JurnalLugas.Com – Perusahaan antariksa milik Elon Musk, SpaceX, dikabarkan telah mengajukan dokumen penawaran umum perdana saham (IPO) secara diam-diam kepada regulator di Amerika Serikat. Langkah ini langsung memicu spekulasi bahwa IPO tersebut berpotensi menjadi yang terbesar dalam sejarah pasar modal global.
Mengutip laporan The Wall Street Journal, pengajuan dilakukan secara rahasia atau confidential filing—strategi yang kerap digunakan perusahaan besar untuk menguji minat pasar sebelum resmi melantai di bursa. SpaceX diperkirakan akan mencatatkan sahamnya pada Juli 2026.
Target Dana Fantastis, Tembus USD75 Miliar
IPO SpaceX diproyeksikan mampu menghimpun dana hingga USD75 miliar atau setara lebih dari Rp1.200 triliun. Jika terealisasi, angka ini akan melampaui rekor IPO sebelumnya yang dipegang oleh Saudi Aramco pada 2019 dengan raihan USD25,6 miliar.

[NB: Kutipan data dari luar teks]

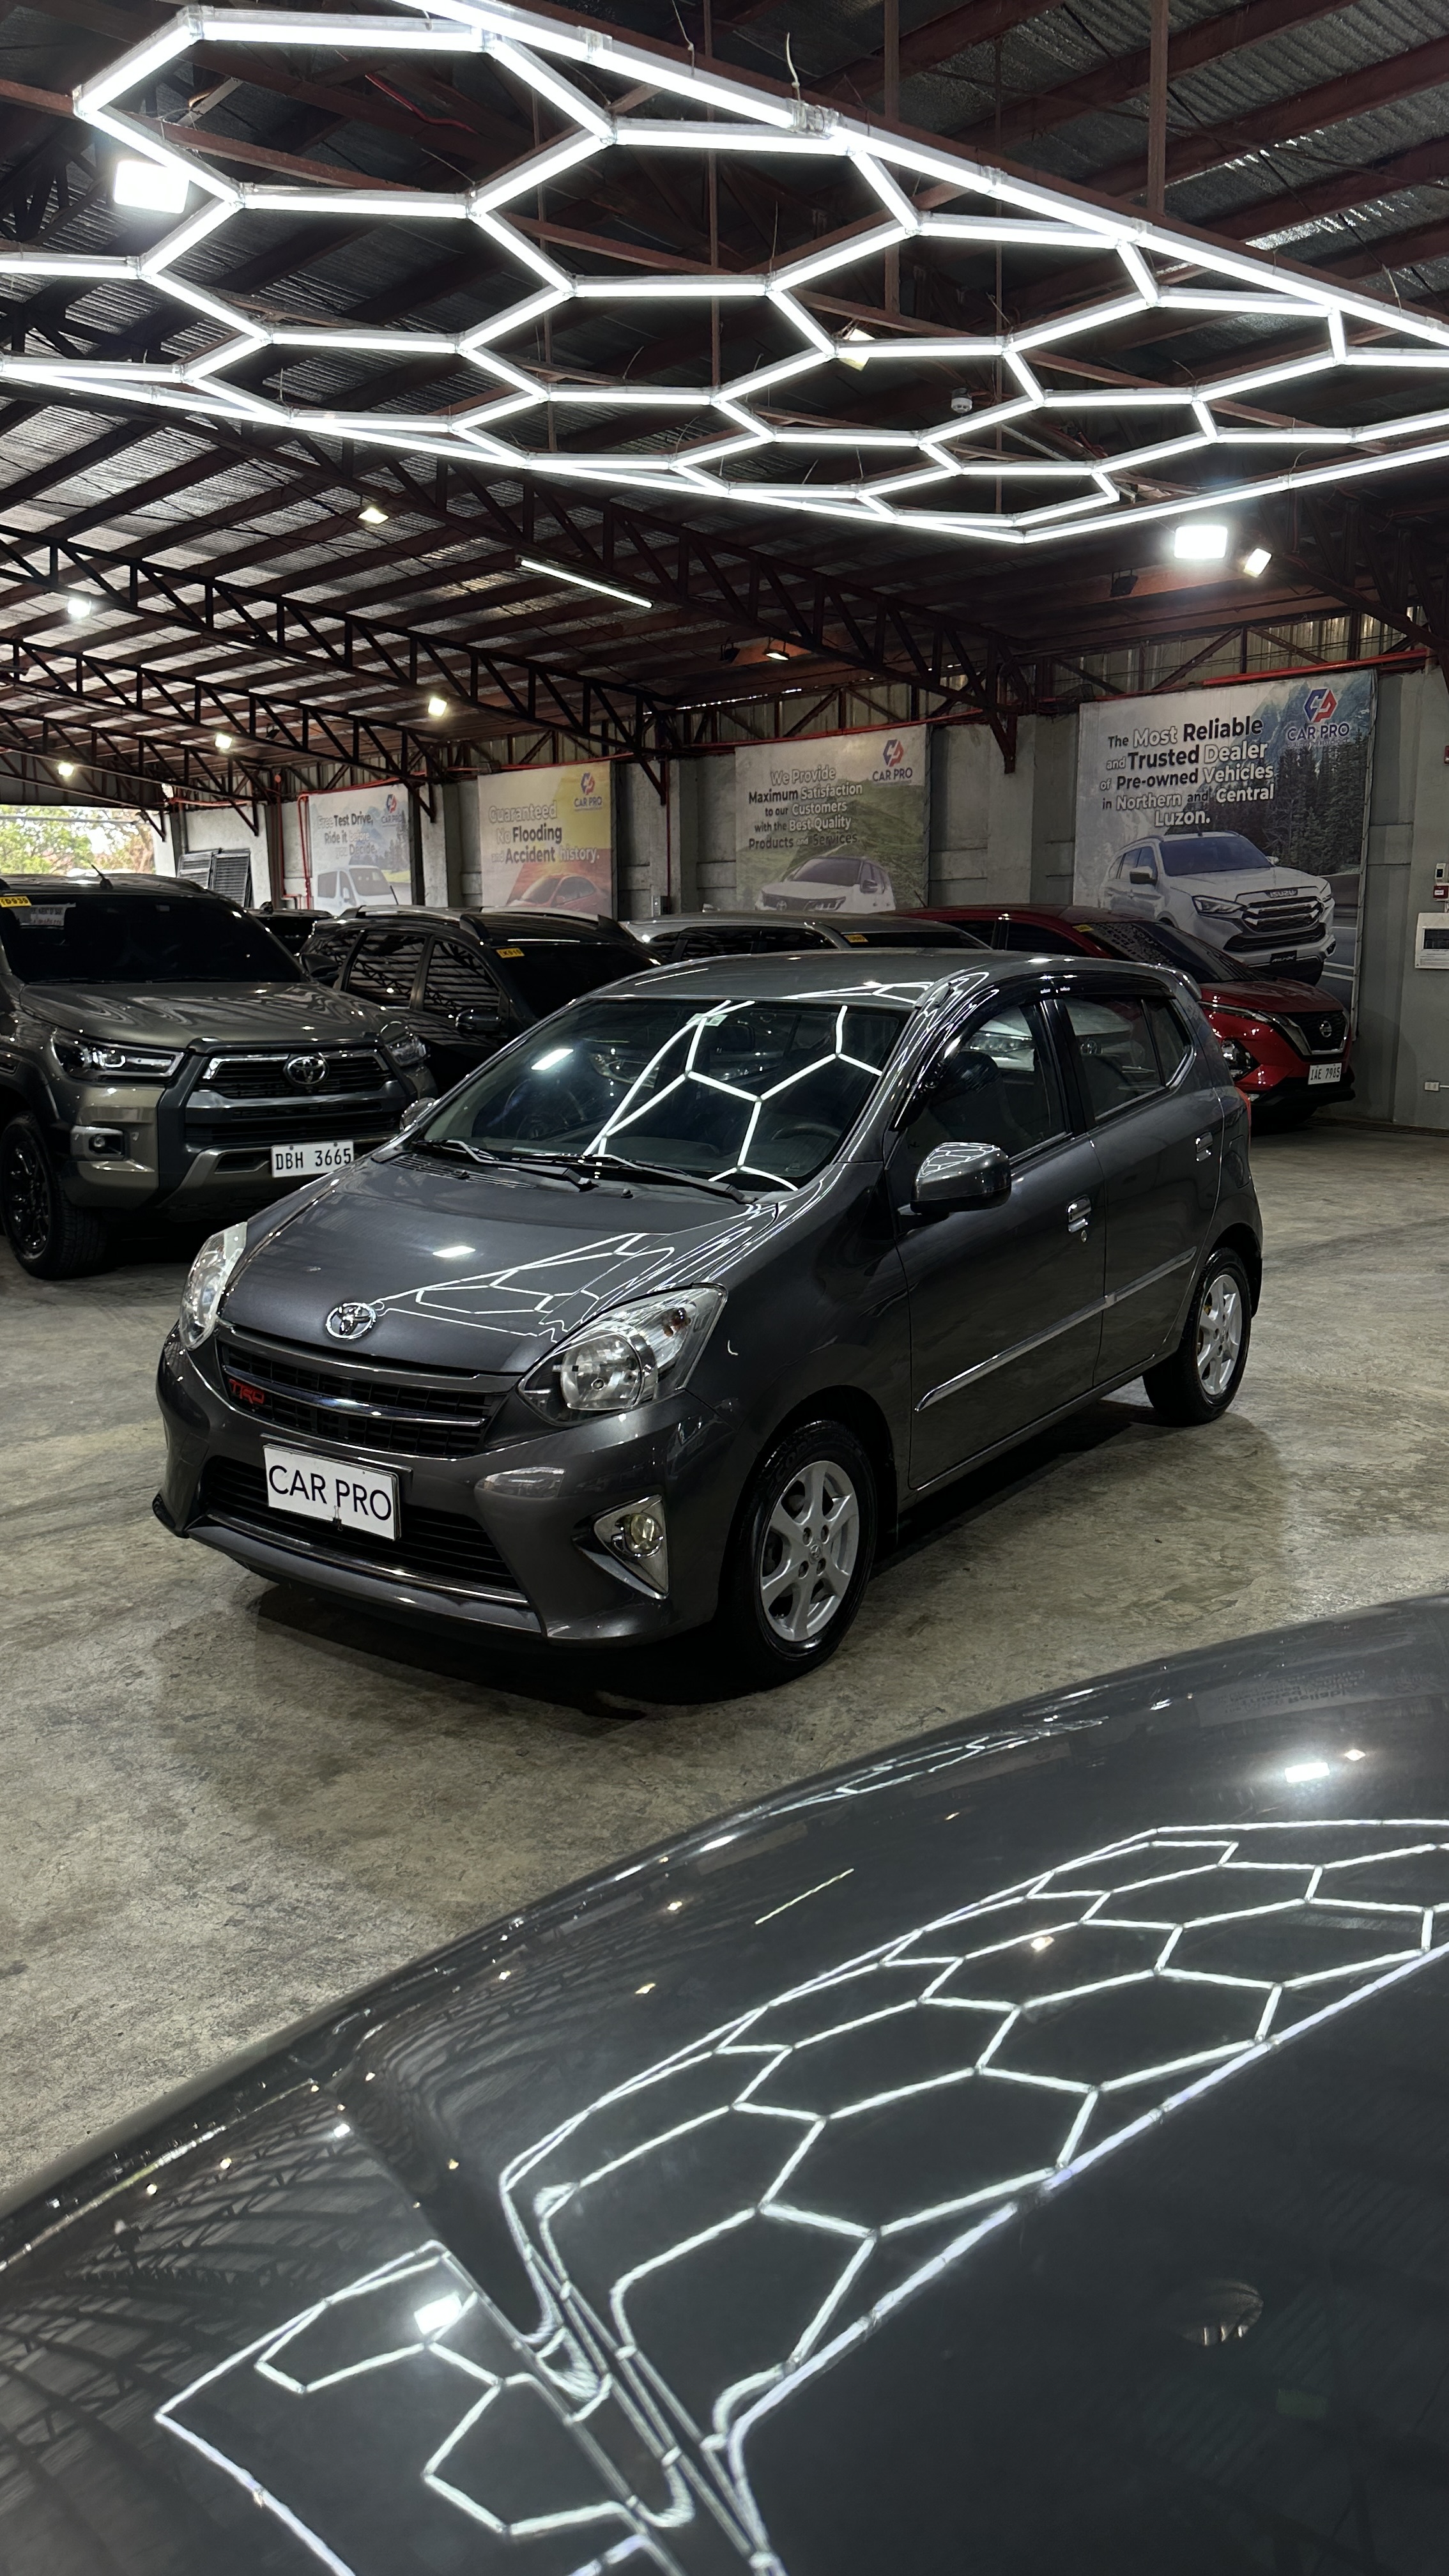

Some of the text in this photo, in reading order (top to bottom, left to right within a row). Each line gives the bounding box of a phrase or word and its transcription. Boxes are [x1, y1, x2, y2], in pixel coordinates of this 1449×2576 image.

Tak hanya itu, valuasi SpaceX diprediksi akan melonjak hingga lebih dari USD1,75 triliun. Angka tersebut menempatkan perusahaan ini sejajar bahkan melampaui banyak raksasa teknologi dunia.
Strategi Senyap dan Minim Komentar
Hingga kini, pihak SpaceX belum memberikan pernyataan resmi terkait rencana IPO tersebut. Sementara itu, Securities and Exchange Commission (SEC) juga memilih tidak memberikan komentar atas kabar yang beredar.
Sikap tertutup ini dinilai sebagai bagian dari strategi untuk menjaga stabilitas informasi sebelum pengumuman resmi dilakukan ke publik.
Valuasi Melesat Usai Akuisisi xAI
Lonjakan valuasi SpaceX turut didorong oleh langkah strategis perusahaan dalam mengakuisisi xAI pada awal Februari 2026. Akuisisi ini memperkuat posisi SpaceX tidak hanya di sektor antariksa, tetapi juga dalam pengembangan teknologi kecerdasan buatan.
Saat ini, valuasi perusahaan disebut telah mencapai USD1,25 triliun sebelum IPO berlangsung—angka yang mencerminkan optimisme investor terhadap masa depan bisnis SpaceX.
Gelombang IPO Perusahaan AI
Selain SpaceX, dua perusahaan teknologi berbasis kecerdasan buatan juga dikabarkan tengah bersiap untuk melantai di bursa, yakni OpenAI dan Anthropic. Tren ini menandai meningkatnya minat pasar terhadap sektor AI yang berkembang pesat dalam beberapa tahun terakhir.
Seorang analis pasar menyebut, “Momentum IPO perusahaan teknologi saat ini sangat kuat, terutama di sektor AI dan antariksa yang dianggap sebagai masa depan industri global.”
Jika IPO SpaceX benar-benar terealisasi sesuai proyeksi, langkah ini diperkirakan akan menjadi katalis besar bagi pasar saham global, khususnya di Wall Street. Selain meningkatkan likuiditas pasar, IPO ini juga berpotensi menarik gelombang investasi baru ke sektor teknologi tinggi.
Investor global kini menanti kejelasan jadwal resmi serta rincian penawaran saham SpaceX yang diyakini akan menjadi salah satu momen paling bersejarah dalam dunia keuangan modern.